TASK OBJECTIVE – Transcribe, word for word, every line from the one containing "this 780×1600 image." through the final line of the records, and omit the pictures.

GIVEN RECORDS: Begin

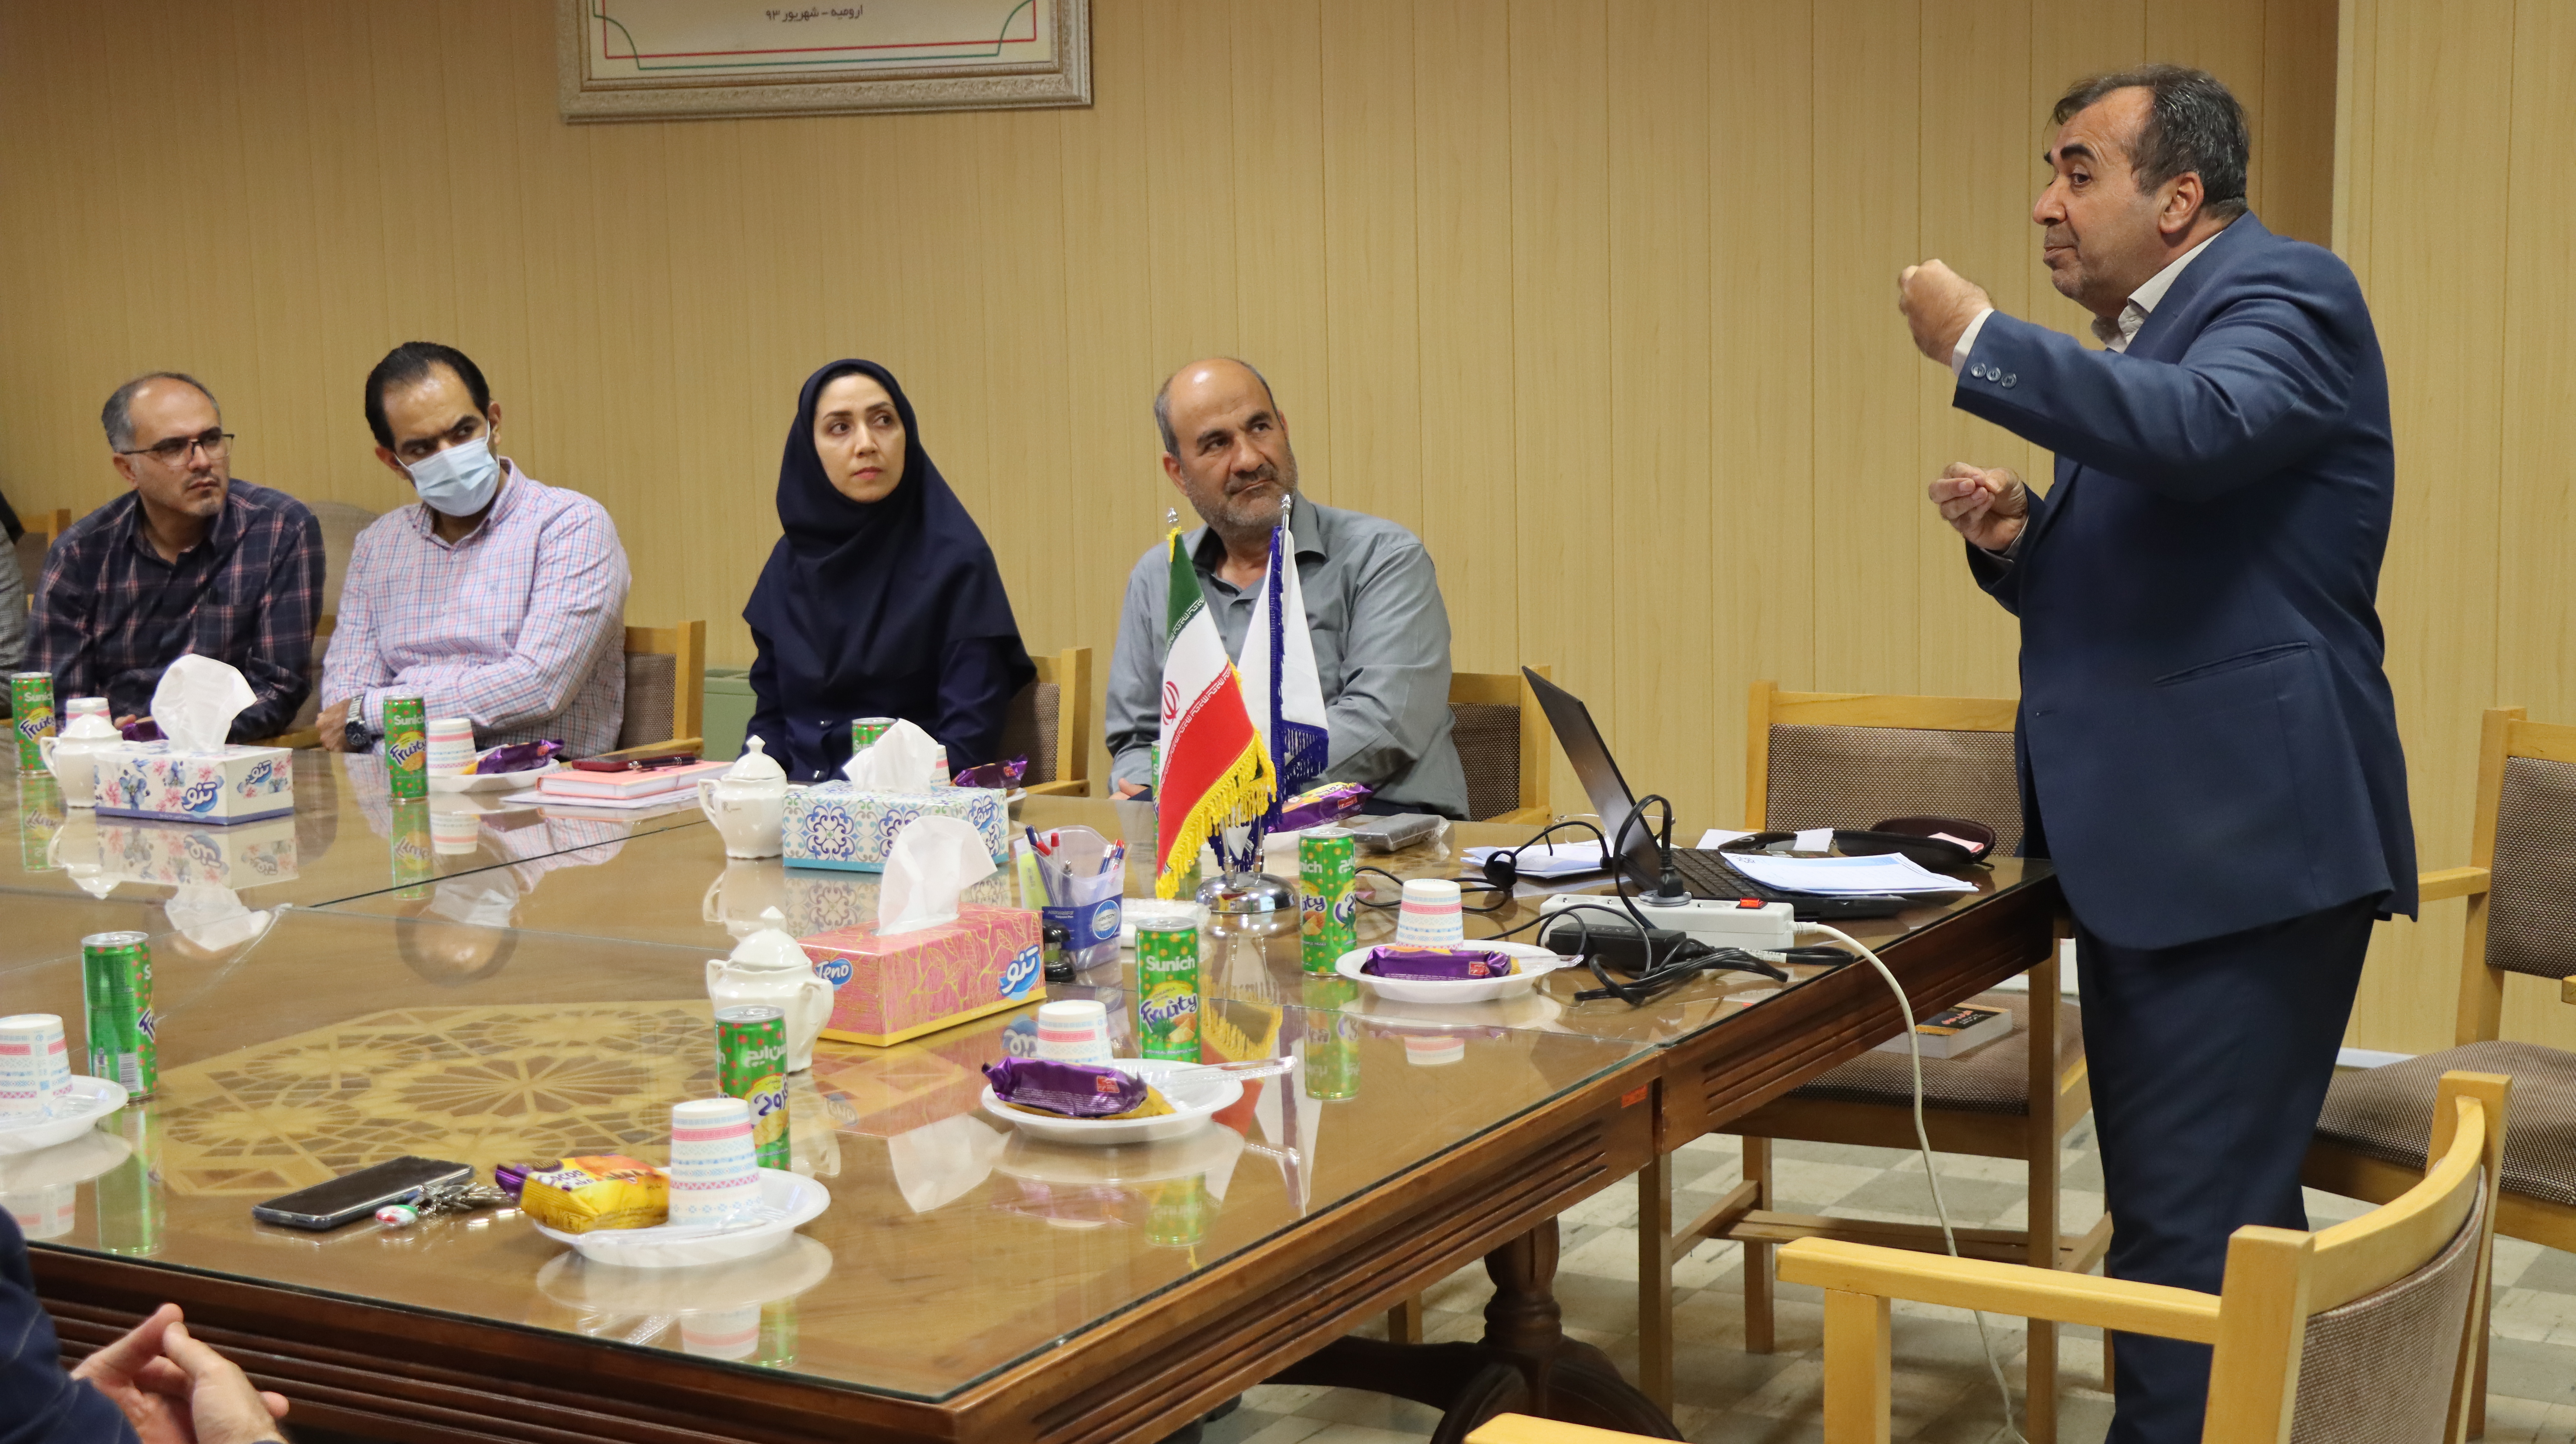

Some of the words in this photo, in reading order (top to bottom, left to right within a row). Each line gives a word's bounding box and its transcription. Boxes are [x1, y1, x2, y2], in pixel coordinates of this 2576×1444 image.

[782, 6, 819, 22] شهریور
[248, 760, 272, 784] تنو
[182, 781, 217, 811] تنو
[817, 961, 849, 980] Teno
[1001, 946, 1039, 994] تنو
[1146, 955, 1196, 972] Sunich
[1141, 995, 1197, 1028] Fruity
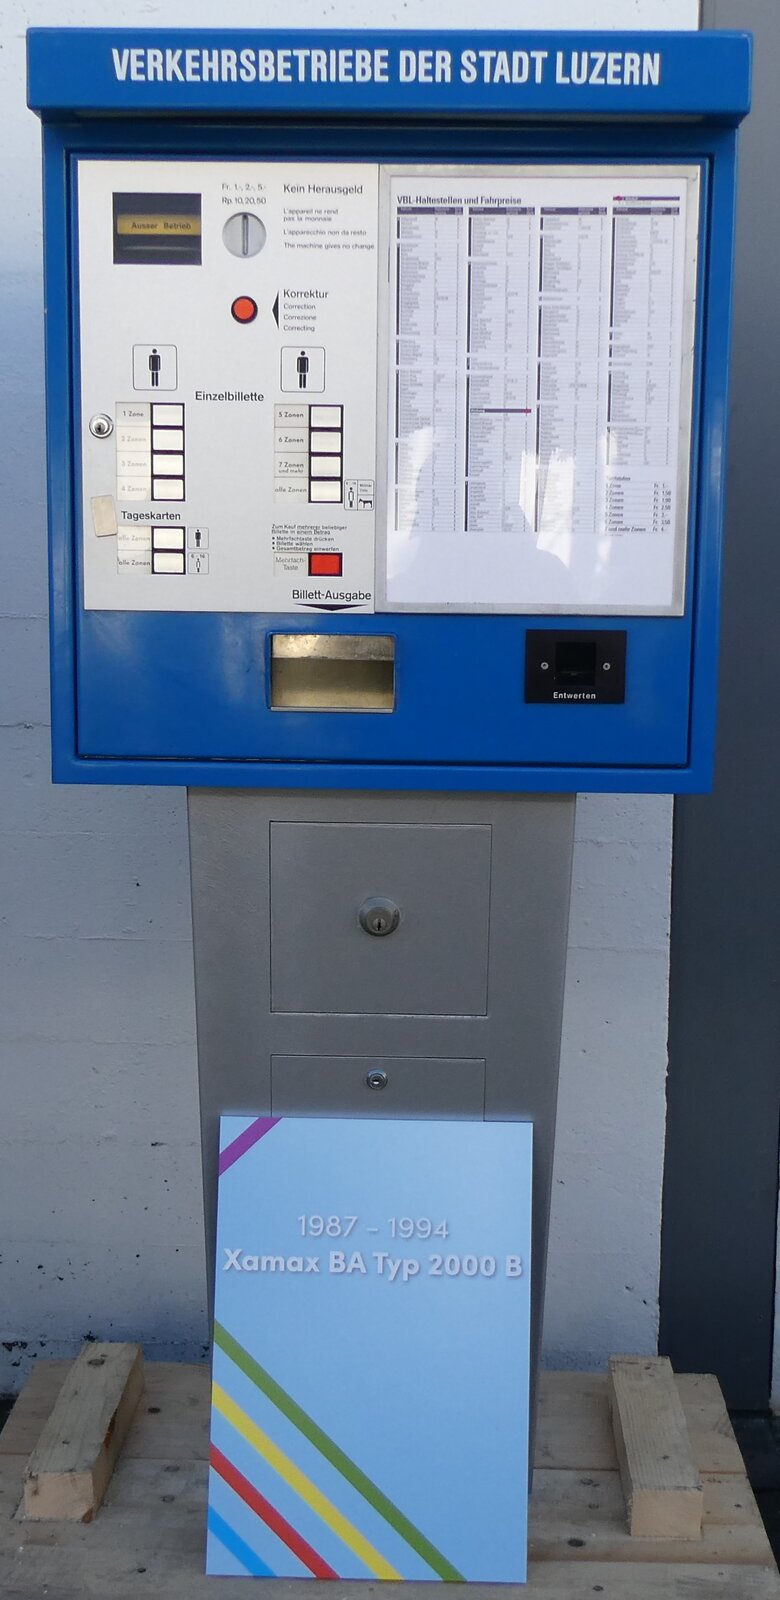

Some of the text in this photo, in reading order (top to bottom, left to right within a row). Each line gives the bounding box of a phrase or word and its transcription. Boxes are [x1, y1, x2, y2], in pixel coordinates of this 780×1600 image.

[111, 48, 660, 86] VERKEHRSBETRIEBE DER STADT LUZERN
[222, 183, 231, 191] Fr.
[283, 184, 364, 196] Kein Herausgeld
[222, 196, 233, 205] Rp.
[396, 196, 522, 207] VBL-Haltestellen und Fahrpreise
[283, 208, 313, 216] L'appareil
[132, 222, 192, 230] Ausser Betrieb
[283, 288, 329, 299] Korrektur
[194, 390, 264, 402] Einzelbillette
[121, 510, 181, 521] Tageskarten
[292, 589, 372, 602] Billett-Ausgabe
[553, 691, 596, 699] Entwerten
[297, 1214, 360, 1238] 1987
[387, 1216, 450, 1239] 1994
[222, 1248, 523, 1281] Xamax BA Typ 2000 B
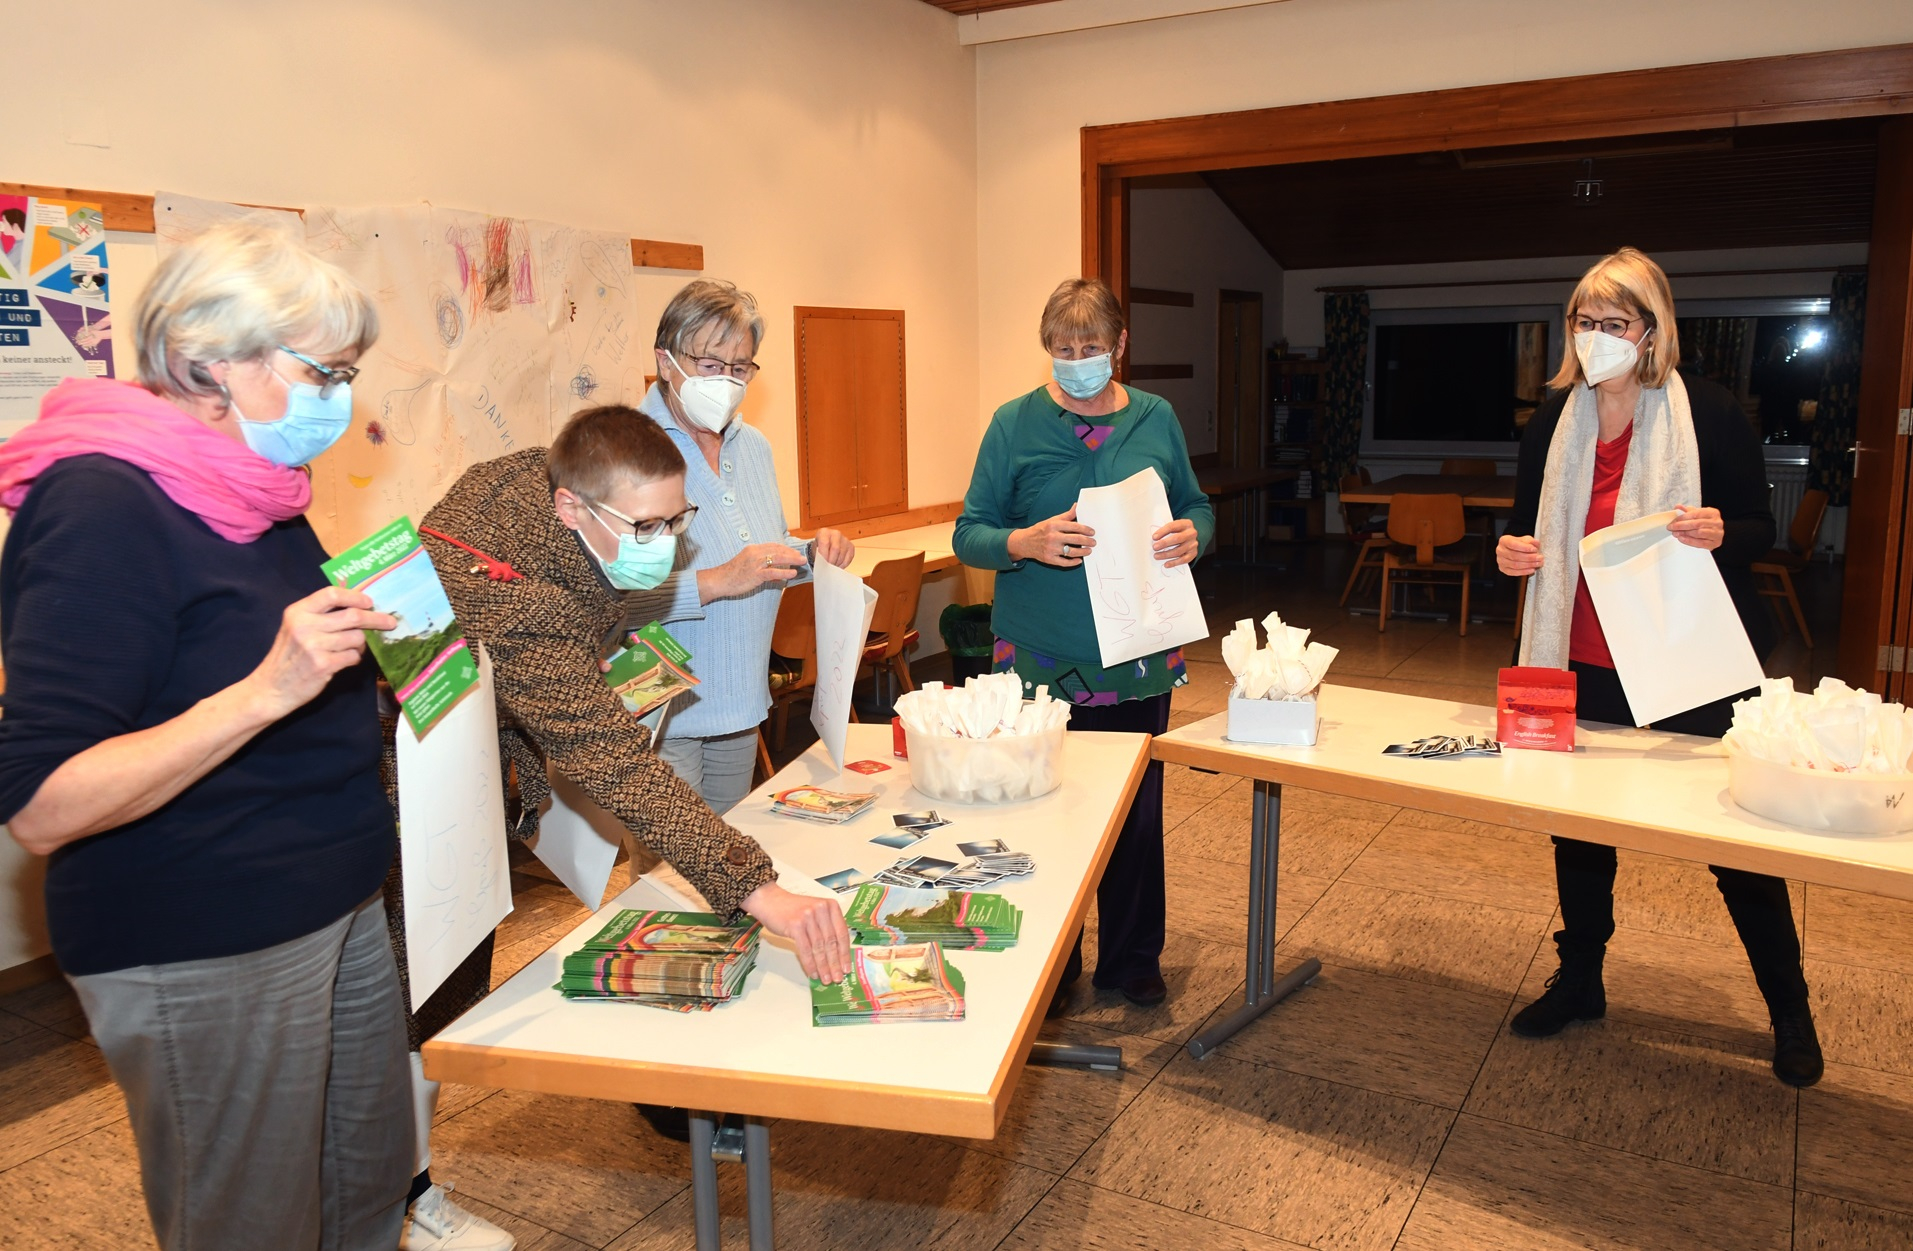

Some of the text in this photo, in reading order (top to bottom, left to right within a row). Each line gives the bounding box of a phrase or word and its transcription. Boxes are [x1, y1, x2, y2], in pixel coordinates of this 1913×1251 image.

GIVEN RECORDS: End

OUTPUT OF THE EXERCISE –
Some of the text in this photo, in reading order (top to bottom, left to right within a row). Each line gives the bounding box of a phrase or word and its transcription. Boxes are [x1, y1, x2, y2], in pixel coordinates of this 780×1600 image.

[111, 48, 660, 86] VERKEHRSBETRIEBE DER STADT LUZERN
[222, 183, 231, 191] Fr.
[283, 184, 364, 196] Kein Herausgeld
[222, 196, 233, 205] Rp.
[396, 196, 522, 207] VBL-Haltestellen und Fahrpreise
[283, 208, 313, 216] L'appareil
[132, 222, 192, 230] Ausser Betrieb
[283, 288, 329, 299] Korrektur
[194, 390, 264, 402] Einzelbillette
[121, 510, 181, 521] Tageskarten
[292, 589, 372, 602] Billett-Ausgabe
[553, 691, 596, 699] Entwerten
[297, 1214, 360, 1238] 1987
[387, 1216, 450, 1239] 1994
[222, 1248, 523, 1281] Xamax BA Typ 2000 B

Some of the text in this photo, in reading order (top to bottom, left to right within a row). Each line gives the bounding box of a phrase or word and its transcription. Boxes are [x1, y1, x2, y2], in pixel coordinates of this 1913×1251 image.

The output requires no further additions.